▶ Task prompt:
Pictures should not appear in the copy; the records themselves must be written out exactly.

▶ The data:
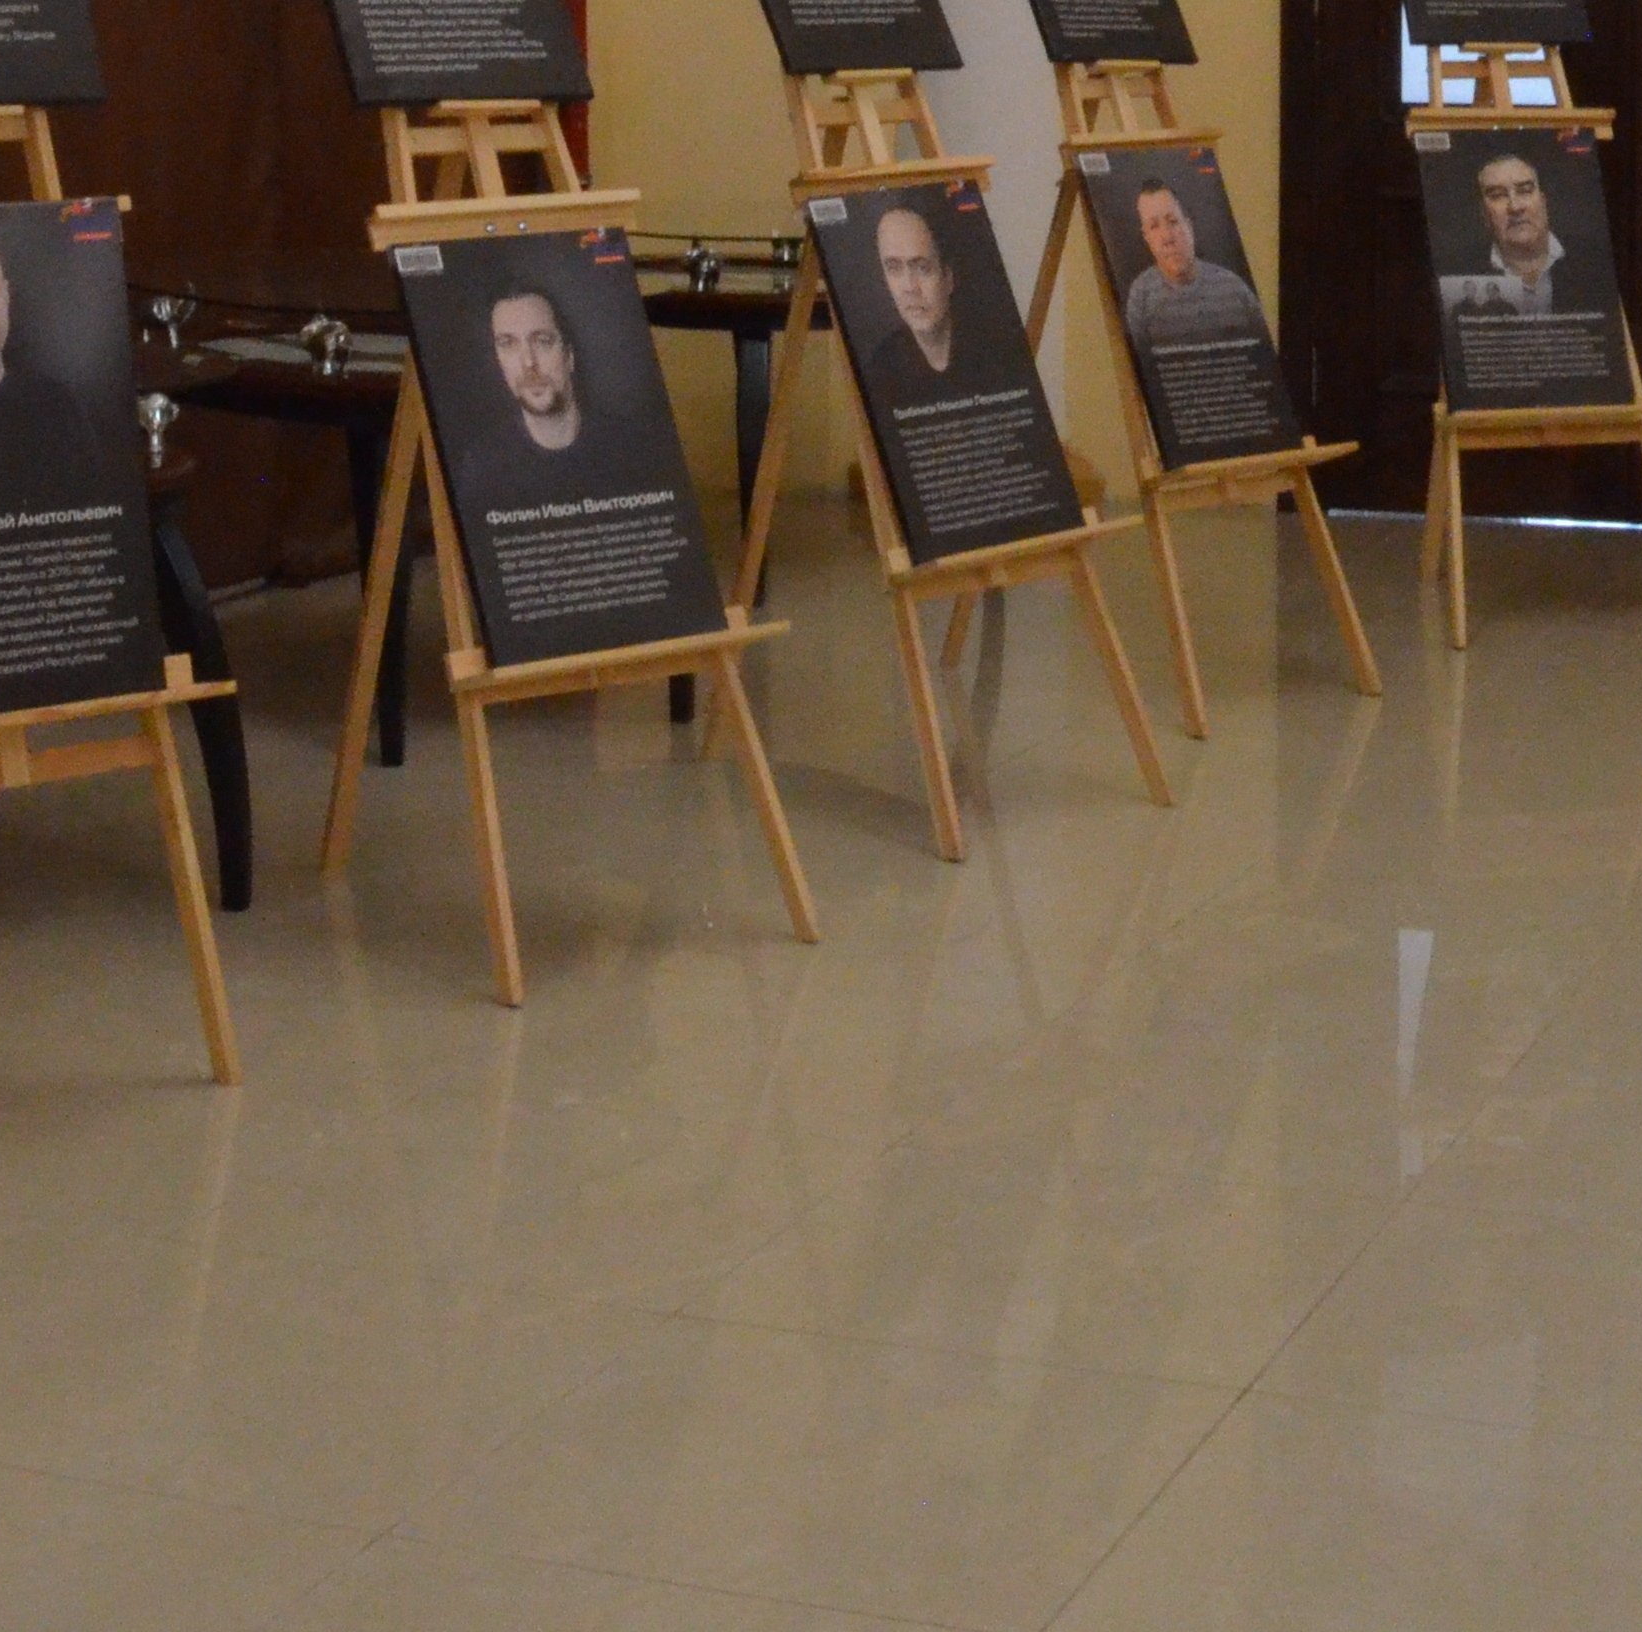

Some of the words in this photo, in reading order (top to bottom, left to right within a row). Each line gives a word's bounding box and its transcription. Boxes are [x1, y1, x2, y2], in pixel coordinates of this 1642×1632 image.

[485, 508, 541, 523] Филин
[541, 504, 582, 516] Иван
[582, 493, 675, 512] Викторович
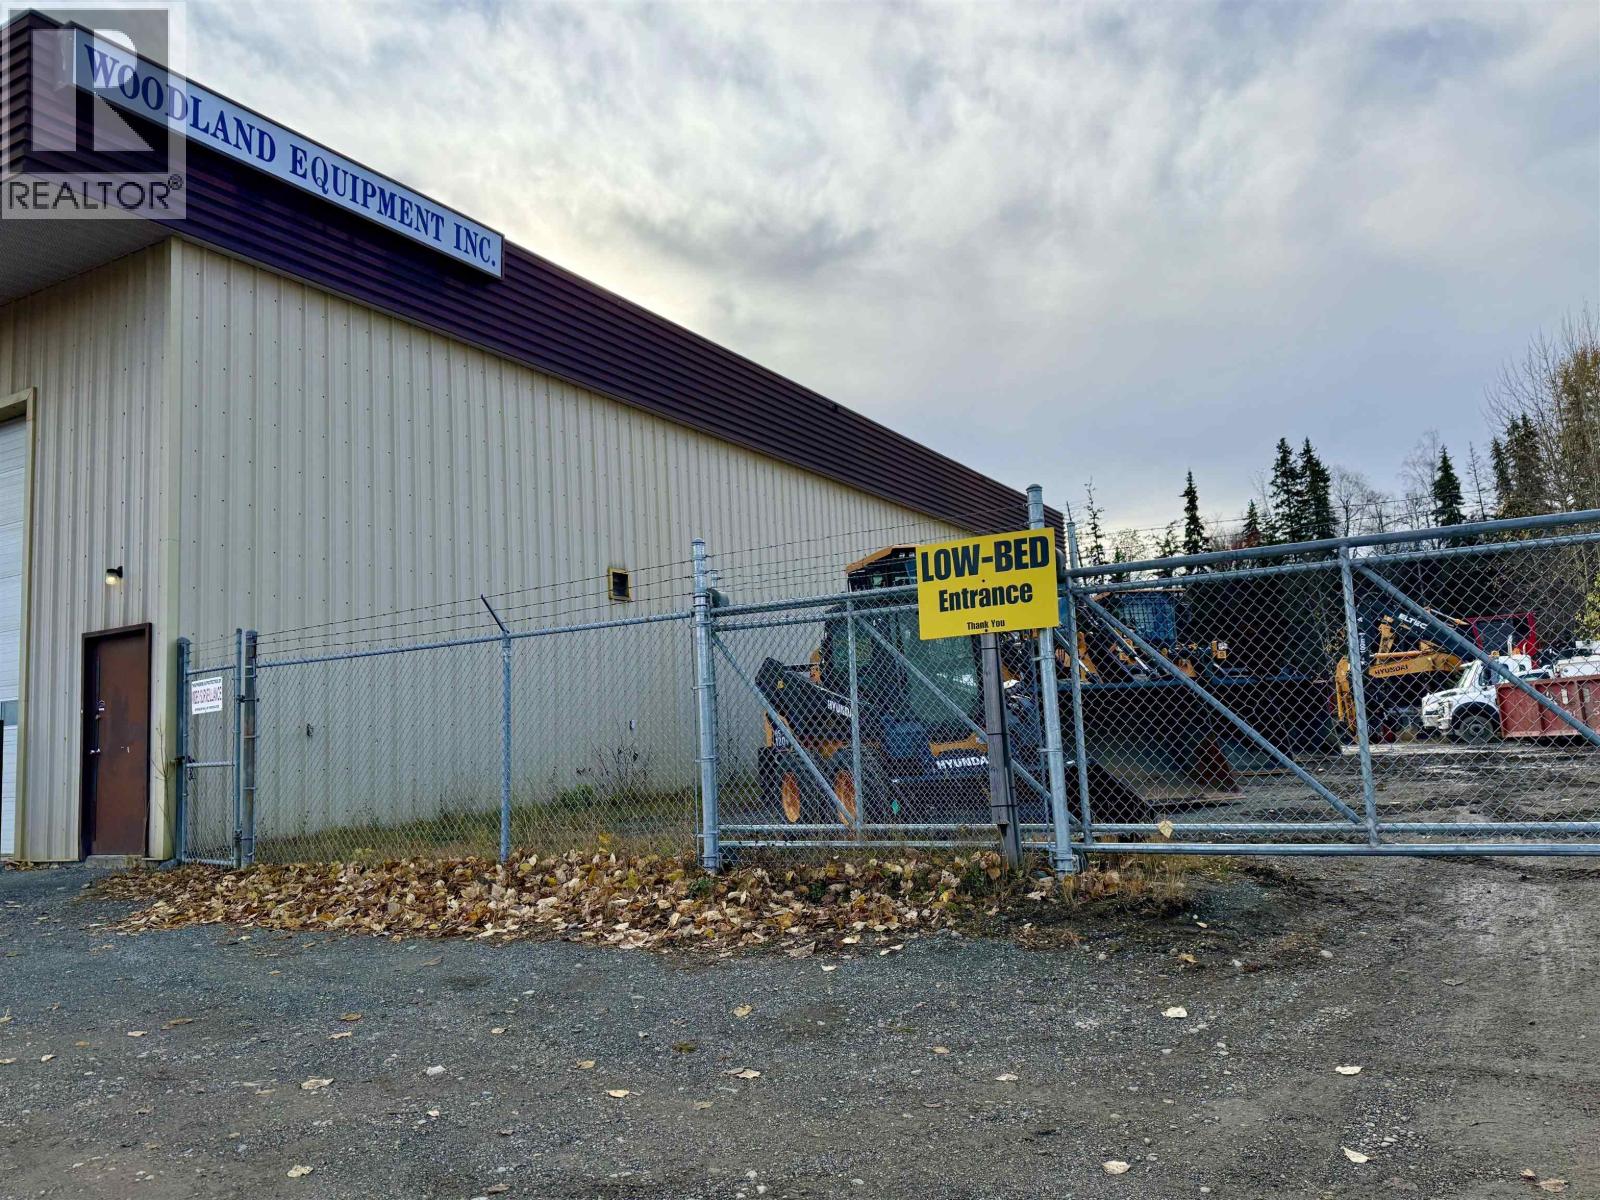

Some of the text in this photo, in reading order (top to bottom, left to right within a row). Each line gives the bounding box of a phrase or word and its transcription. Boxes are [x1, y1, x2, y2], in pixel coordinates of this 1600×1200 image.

[84, 44, 496, 267] WOODLAND EQUIPMENT INC.
[921, 536, 1050, 582] LOW-BED
[939, 583, 1033, 612] Entrance
[967, 619, 1005, 630] Thank You
[1374, 664, 1409, 675] HYUNDAI
[936, 756, 989, 769] HYUNDA

▶ Solution to the problem:
Some of the words in this photo, in reading order (top to bottom, left to right within a row). Each line gives a word's bounding box and its transcription. Boxes are [x1, y1, x2, y2], in pixel coordinates of this 1642×1632 image.

[485, 508, 541, 523] Филин
[541, 504, 582, 516] Иван
[582, 493, 675, 512] Викторович

Some of the text in this photo, in reading order (top to bottom, left to right within a row). Each line gives the bounding box of a phrase or word and its transcription. Boxes are [x1, y1, x2, y2], in pixel coordinates of this 1600×1200 image.

[84, 44, 496, 267] WOODLAND EQUIPMENT INC.
[921, 536, 1050, 582] LOW-BED
[939, 583, 1033, 612] Entrance
[967, 619, 1005, 630] Thank You
[1374, 664, 1409, 675] HYUNDAI
[936, 756, 989, 769] HYUNDA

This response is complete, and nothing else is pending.